Take Secretary General Gwede Mantashe, who walked into the conference room shortly after 20:00 on Friday night and, for some baffling reason, began listing off the media houses before him. It was as if to acknowledge that the ANC is a brand that only exists in the light of other brands, and empty vessel that no longer has a reason to exist.

When he finally got rolling, he told us that the ANC’s National Officials – their top six – had considered the Constitutional Court judgment and its many implications, and had decided that they were totally cool with what Zuma had said.

Totally.

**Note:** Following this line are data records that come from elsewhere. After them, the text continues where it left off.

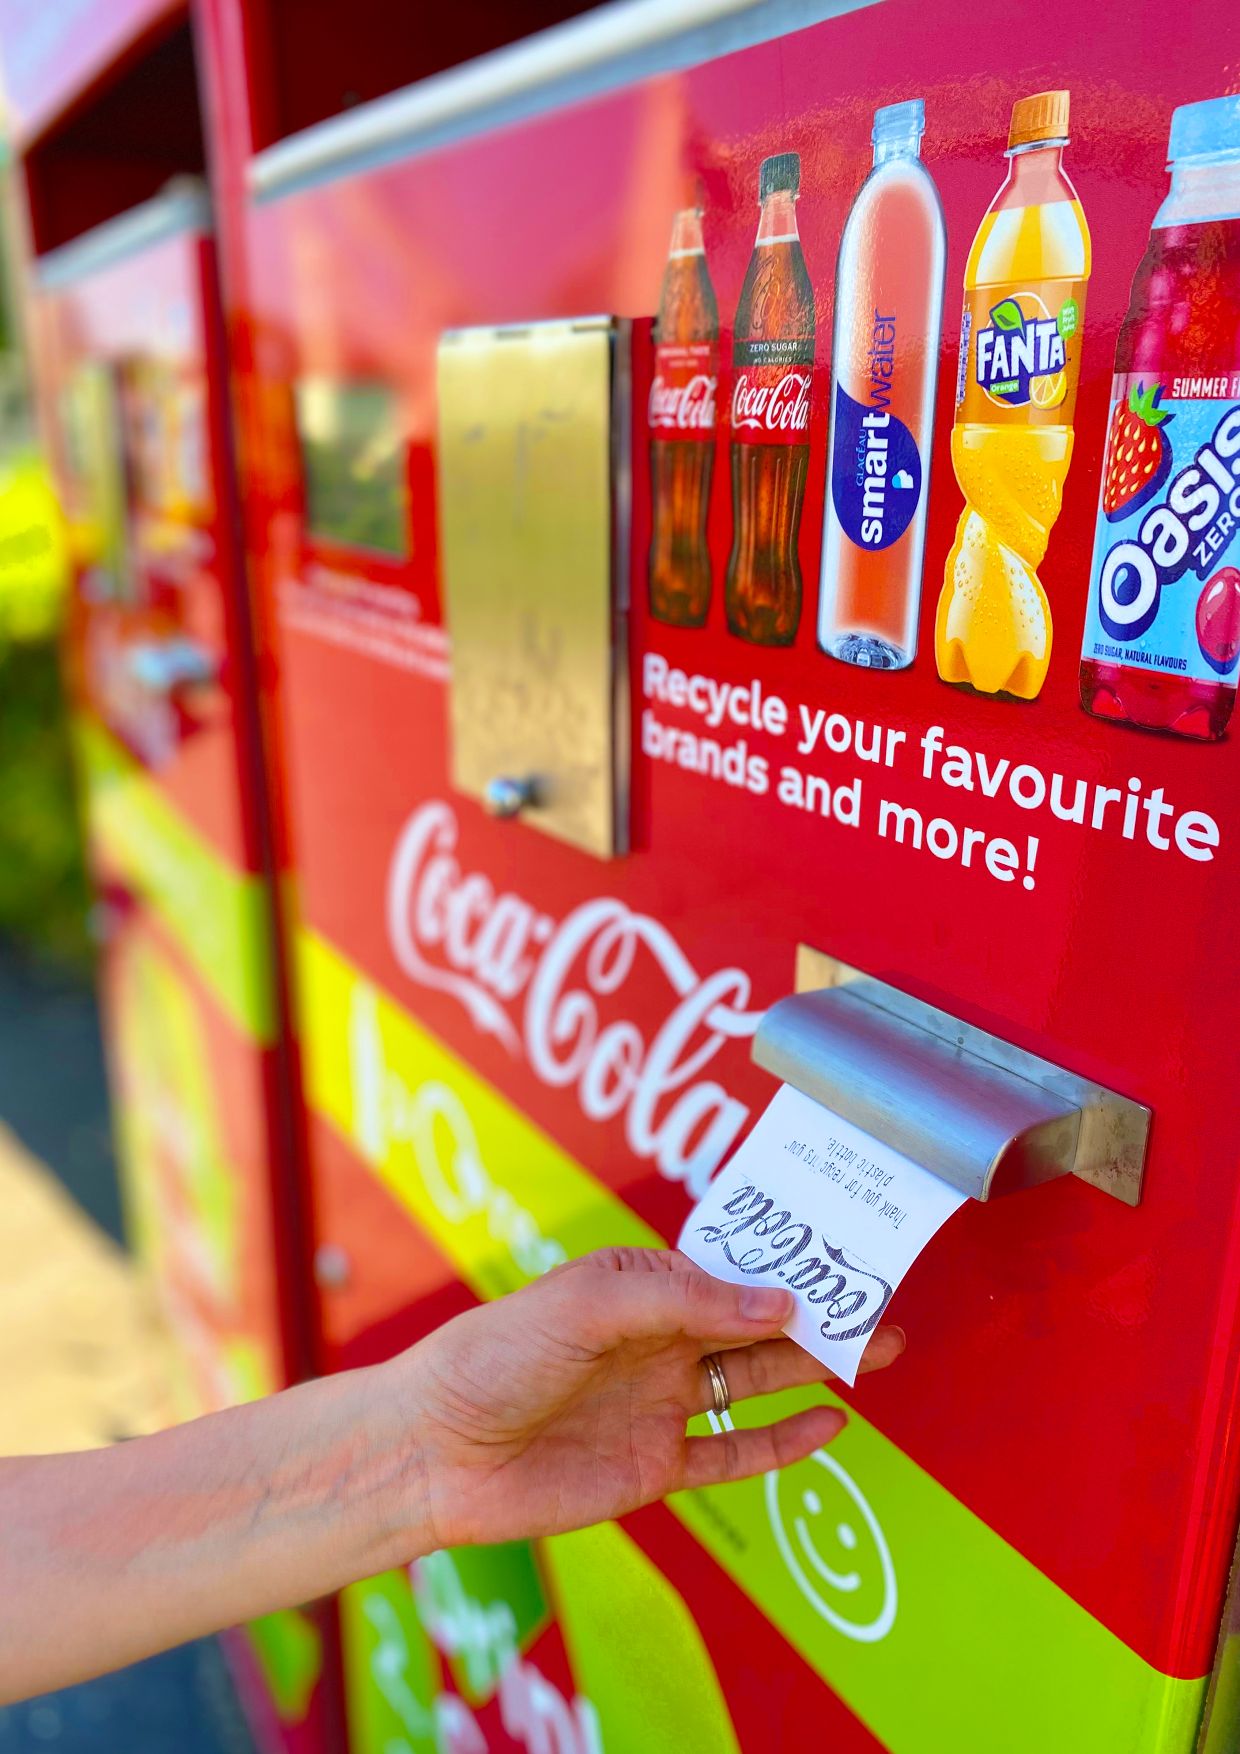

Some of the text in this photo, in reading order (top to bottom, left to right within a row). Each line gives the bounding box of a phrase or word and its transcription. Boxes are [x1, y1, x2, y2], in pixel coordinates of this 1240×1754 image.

[750, 342, 798, 353] ZERO SUGAR
[977, 322, 1065, 382] FANTA
[731, 373, 812, 431] Coca-Cola
[990, 381, 1018, 393] Orange
[1172, 377, 1240, 398] SUMMER F
[855, 429, 868, 487] GLACÉAU
[1104, 645, 1123, 661] SUGAR,
[1124, 649, 1152, 664] NATURAL
[1153, 654, 1187, 671] FLAVOURS
[643, 653, 1221, 862] Recycle your favourite
[643, 710, 1040, 891] brands and more!
[386, 799, 768, 1201] Coca-Cola
[826, 1137, 895, 1188] plastic bottle.
[844, 1178, 863, 1199] for
[861, 1188, 882, 1208] you
[878, 1200, 907, 1229] Thank
[695, 1185, 893, 1342] Coca-Cola
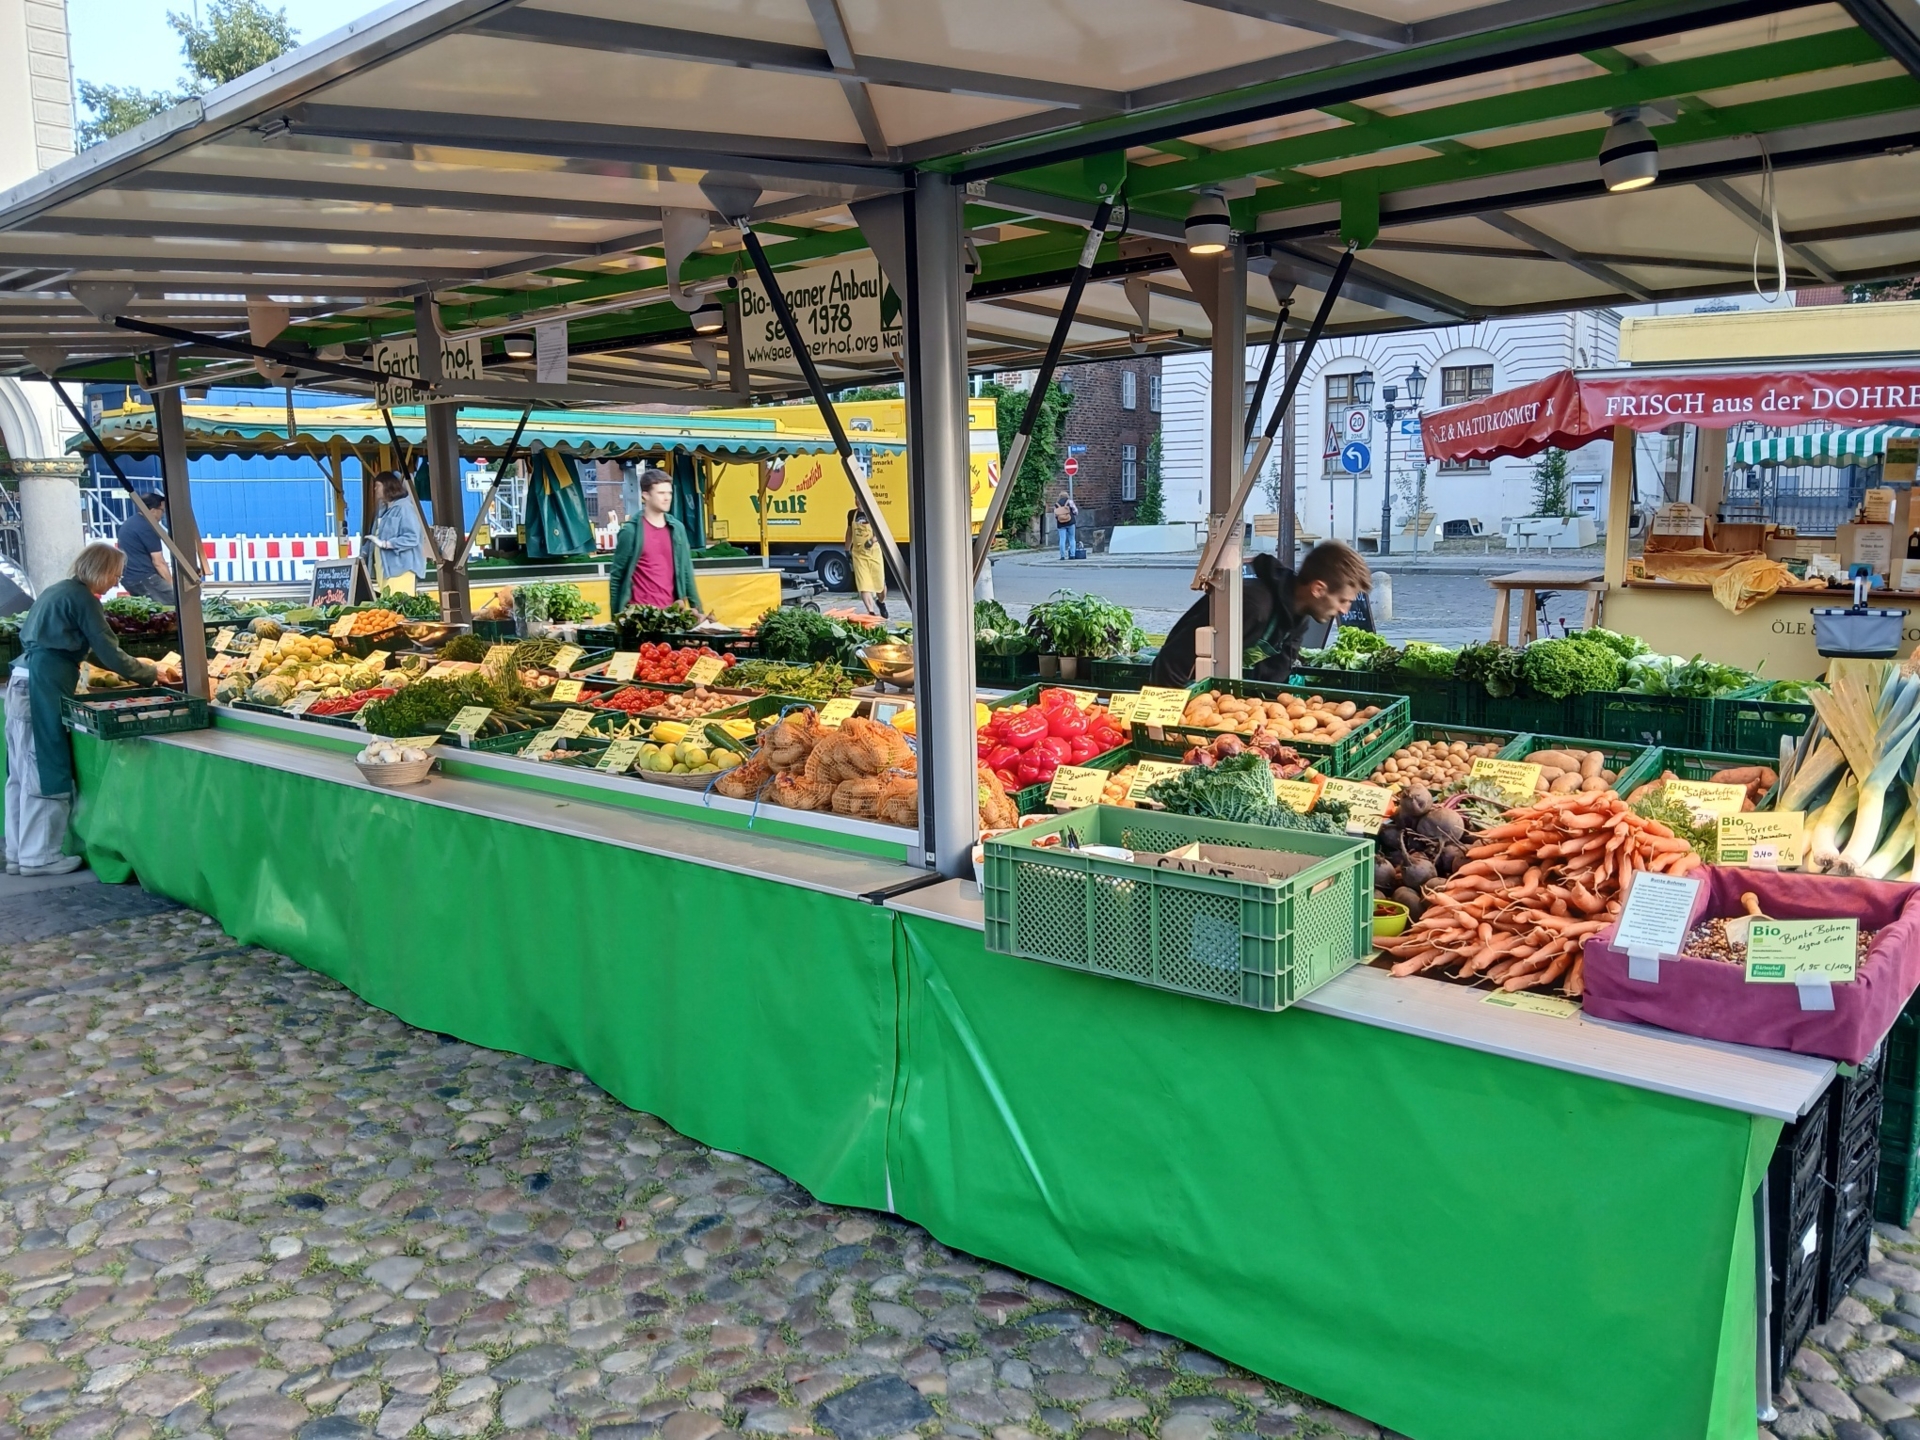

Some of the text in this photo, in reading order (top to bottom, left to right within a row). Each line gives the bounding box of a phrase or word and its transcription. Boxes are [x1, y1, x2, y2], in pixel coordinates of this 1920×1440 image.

Cool.

“The president has assured the ANC that he will adhere to the judgment and implement all its eleven orders,” mumbled Mantashe. “The ANC has full confidence that the National Assembly will also adhere to the judgment and implement all matters pertinent to it.”

Yes, but the ANC is the only entity that has “full confidence” in either of those once august bodies. The point of Thursday’s devastating ruling was that it rendered both the president and the National Assembly as dishonest, if not criminal. It means we have a trust problem in this country, one that could easily tip over into an industrial grade constitutional crisis. But Mantashe wasn’t interested in addressing any of that. He fully endorsed Zuma’s speech, assured us of the ANC’s steadfastness, and reminded us that they are not a party of saints, but of fallible human beings.

And then, it was over. It’s tempting to say that the ruling party and its leadership had missed the importance of the Con Court decision, but that’s neither here nor there. They decided that the best course of action was to bury it under a bunch of dissembling. Mantashe, who frequently blamed the media for exacerbating the Nkandla crisis, may have accused us of abusing our poetic license. But the poetry belonged to him.

Nothing wrong here. Everything normal. No one’s going anywhere.

But how’s this for (admittedly poor) poetry: there’s a storm coming. This was the ANC’s opportunity to ward it off. And they flubbed it. DM

Photo: Mangaung, Free State, South Africa, 19 December 2012. Outside the venue for the ANC’s Mangaung conference, vendors sell ANC merchandise to delegates. Photo Greg Nicolson/Daily Maverick.